Free offerings such as BitWarden implement a total of 200,001 PBKDF2 iterations between the client and server, with important metadata such as your originating IP and site URLs either not being logged, or encrypted within your vault.
1Password is a mature, paid alternative to LastPass that is unique in that in addition to using a master password, it requires an additional Secret Key when attempting to access your password vault. This key is stored locally on your device, meaning even if an attacker was able to dump a copy of your vault like they did with LastPass, they wouldn't be able to brute-force it without also compromising your device to extract that Secret Key.
Please note I’ve provided these examples not to steer you in either direction, but to give you a starting point in picking an alternative, if you or your organisation are among those affected.
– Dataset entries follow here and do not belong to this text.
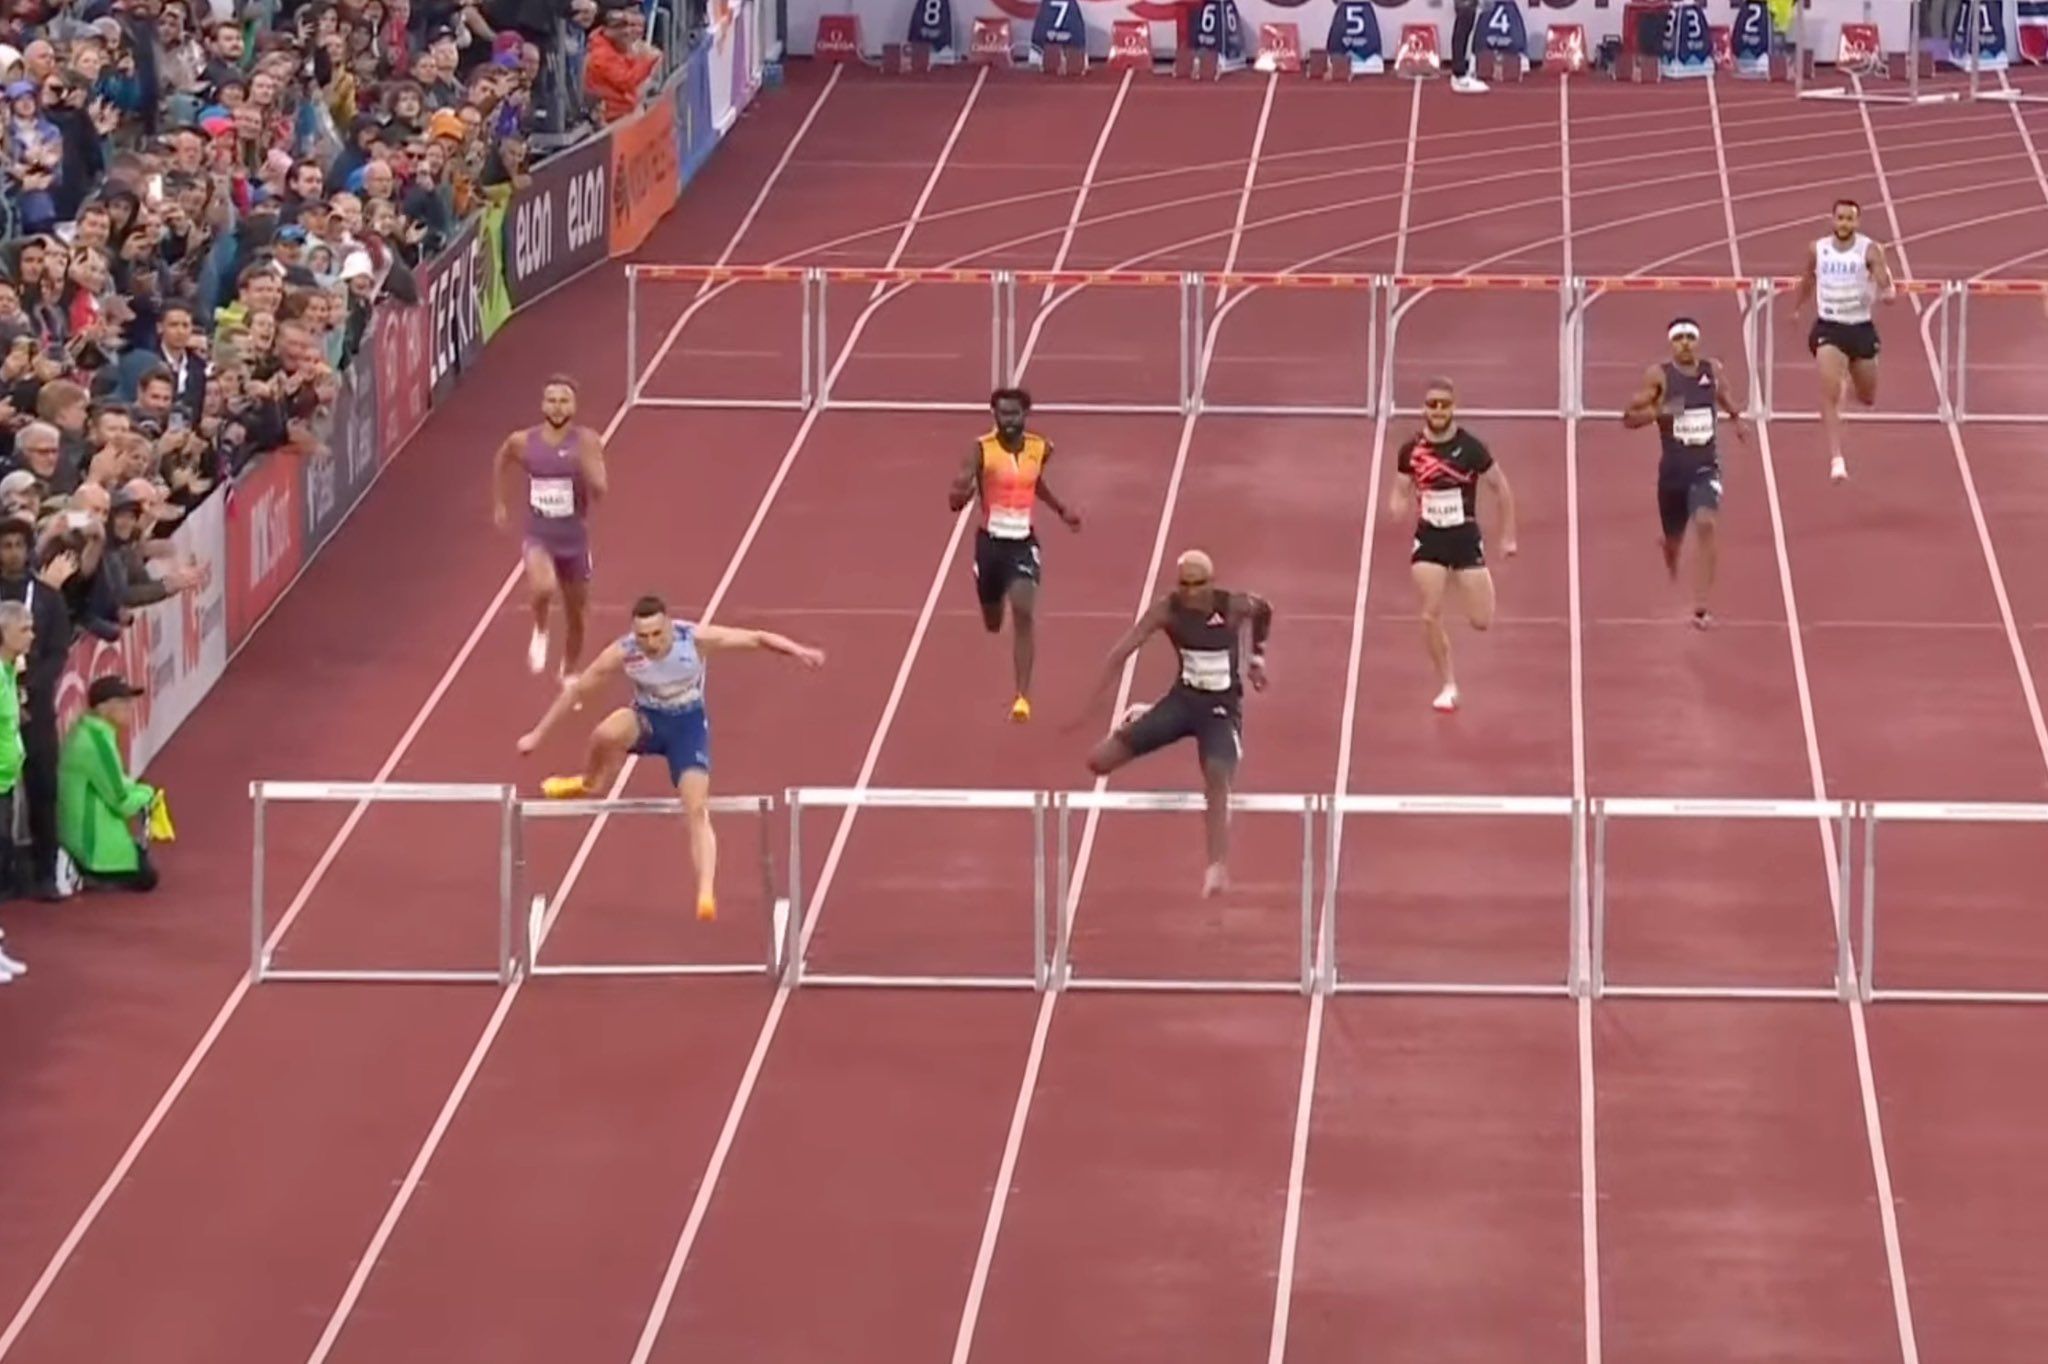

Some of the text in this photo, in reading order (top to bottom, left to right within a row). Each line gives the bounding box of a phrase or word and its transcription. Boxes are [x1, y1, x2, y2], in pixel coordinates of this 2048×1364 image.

[924, 0, 941, 26] 8
[1052, 1, 1069, 28] 7
[1201, 4, 1216, 33] 6
[1226, 4, 1237, 32] 6
[1346, 6, 1365, 35] 5
[1489, 5, 1511, 34] 4
[1664, 9, 1676, 37] 3
[1686, 9, 1701, 38] 3
[1745, 4, 1761, 32] 2
[1979, 4, 1993, 32] 1
[516, 189, 552, 282] elon
[567, 164, 604, 252] elon
Password managers are a great solution that has real-world benefits to both individuals and businesses - LastPass appears to have simply dropped the ball in spectacular fashion in this case, while there are plenty of others that haven’t.
Further Reading
LastPass' December Notification: https://blog.lastpass.com/2022/12/notice-of-recent-security-incident
A summary of what the attacker was able to steal and what impact it has: https://grahamcluley.com/lostpass-after-the-lastpass-hack-heres-what-you-need-to-know/
A breakdown of why LastPass' disclosure was misleading and an act of bad faith for customers: https://palant.info/2022/12/26/whats-in-a-pr-statement-lastpass-breach-explained/
A Class Action law suit has been filed against LastPass: https://mastodon.social/@campuscodi/109633075256191444
How the breach impacts LastPass SSO: https://medium.com/@chaim_sanders/how-the-lastpass-breach-affects-lastpass-sso-ada0c8bffd83
Reporting on the August breach: https://www.bleepingcomputer.com/news/security/lastpass-developer-systems-hacked-to-steal-source-code/
Follow-up in September: https://www.bleepingcomputer.com/news/security/lastpass-says-hackers-had-internal-access-for-four-days/
Article on the December notification: https://www.bleepingcomputer.com/news/security/lastpass-hackers-stole-customer-vault-data-in-cloud-storage-breach/
"1Password is a mature, paid alternative to LastPass that is unique in that in addition to using a master password, it requires an additional Secret Key when attempting to access your password vault."
Is the Secret Key required to decrypt the vault or only to access it? For example, if a hacker got access to the vault through a backdoor, like they did with LastPass, would they need both the master password and the Secret, or only the password? 2FA is a Secret, but it isn't required to decrypt the vault after you access it.